Factitious hyperinsulinism leading to pancreatectomy: severe forms of Munchausen syndrome by proxy

Irina Giurgea, Tim Ulinski, Guy Touati, Christine Sempoux, Fanny Mochel, Francis Brunelle, Jean-Marie Saudubray, Claire Fekete, Pascale de Lonlay
Pediatrics 2005, 116 (1): e145-8
Clinical history and inappropriate insulin secretion during hypoglycemic episodes permit the diagnosis of hyperinsulinism. We report 2 cases of factitious hyperinsulinism leading to partial pancreatectomy. Case 1 was an 8-year-old girl who presented with severe hypoglycemia and elevated insulin and C-peptide levels. Catheterization of pancreatic veins was performed to localize the excess insulin secretion. Insulinoma was suspected, and partial pancreatectomy was performed. Ten days after surgery, severe hypoglycemia recurred with severely elevated plasma insulin levels (x100) but very low C-peptide plasma levels, suggesting factitious hyperinsulinemia. Hypoglycemic episodes before surgery were provoked by oral sulfonamides; postoperative episodes were caused by parenteral insulin. Falsified prescriptions for sulfonamides and insulin by the mother, a nurse, were found. Case 2 was a 6-month-old girl who presented with seizures and hypoglycemia but had a symptom-free interval of many months afterward. At 2 years of age, repeated hypoglycemic seizures and elevated insulin plasma levels suggested congenital hyperinsulinism. C-peptide plasma level, measured once, was normal, but blood sampling was performed 15 minutes after a hypoglycemic episode. Partial pancreatectomy was performed. Two weeks after surgery, hypoglycemic seizures recurred, and the patient was admitted for pancreatic vein catheterization. This investigation was performed during hypoglycemia and revealed high insulin levels and undetectable C-peptide levels, suggesting factitious hypoglycemia.

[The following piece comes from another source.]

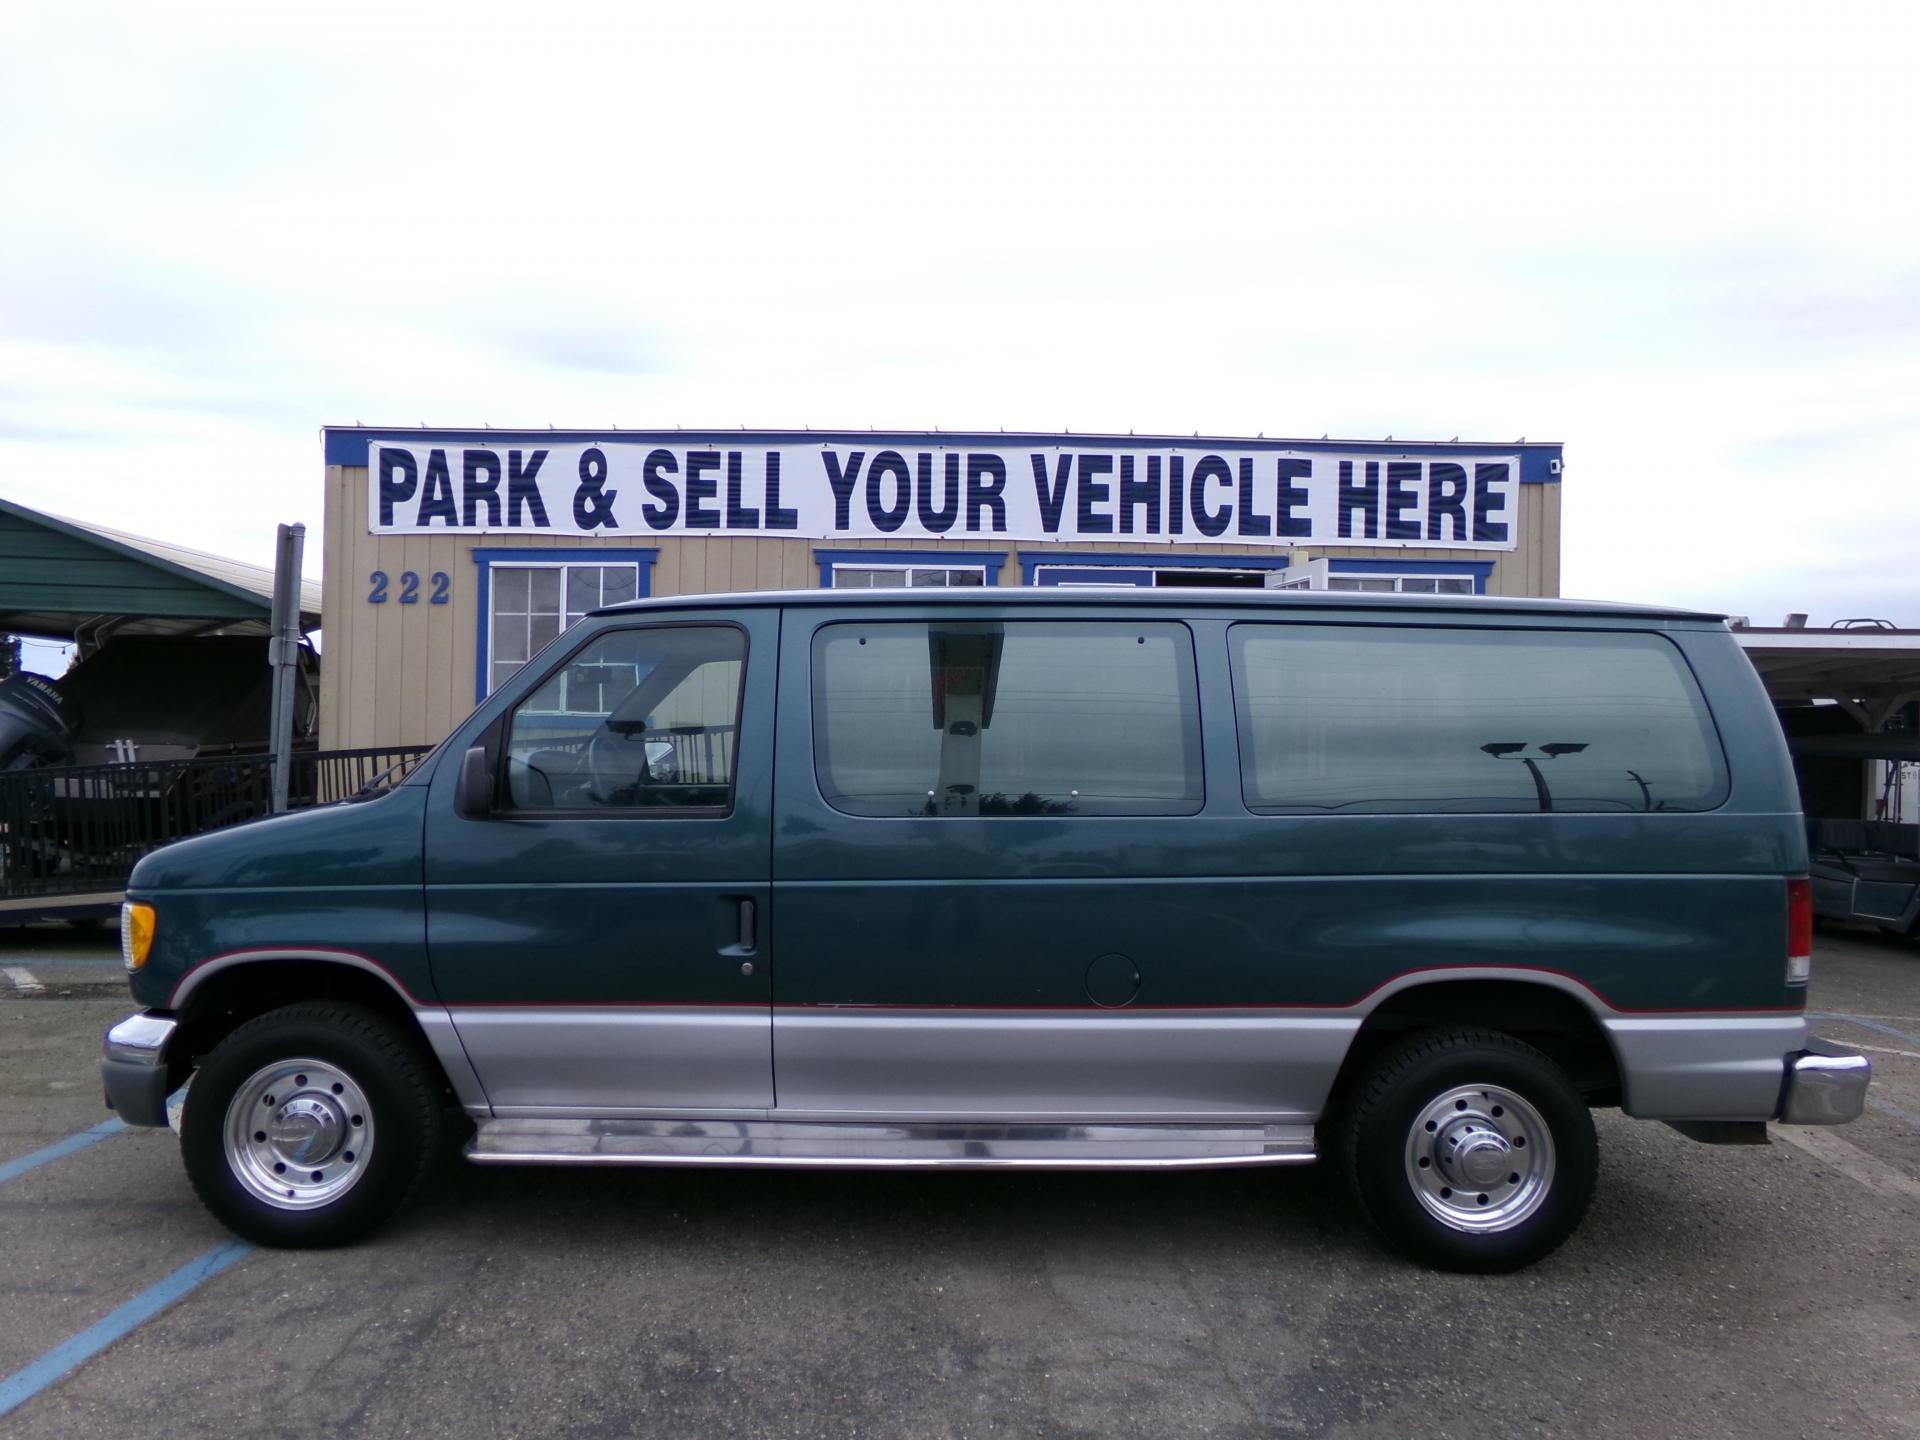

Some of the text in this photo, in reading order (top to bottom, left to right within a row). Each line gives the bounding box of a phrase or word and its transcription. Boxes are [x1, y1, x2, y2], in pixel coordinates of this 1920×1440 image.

[379, 447, 1510, 542] PARK & SELL YOUR VEHICLE HERE
[367, 570, 450, 604] 222
[26, 676, 64, 705] YAMAHA

Insulin/C-peptide ratio analysis is crucial to assess factitious hypoglycemia, although sulfonamide-induced hypoglycemia is not thereby detected. One percent (2 of 250) of all cases of hyperinsulinemic hypoglycemia in our unit have been identified as Munchausen syndrome by proxy. Atypical disease history should raise the question of factitious hypoglycemia.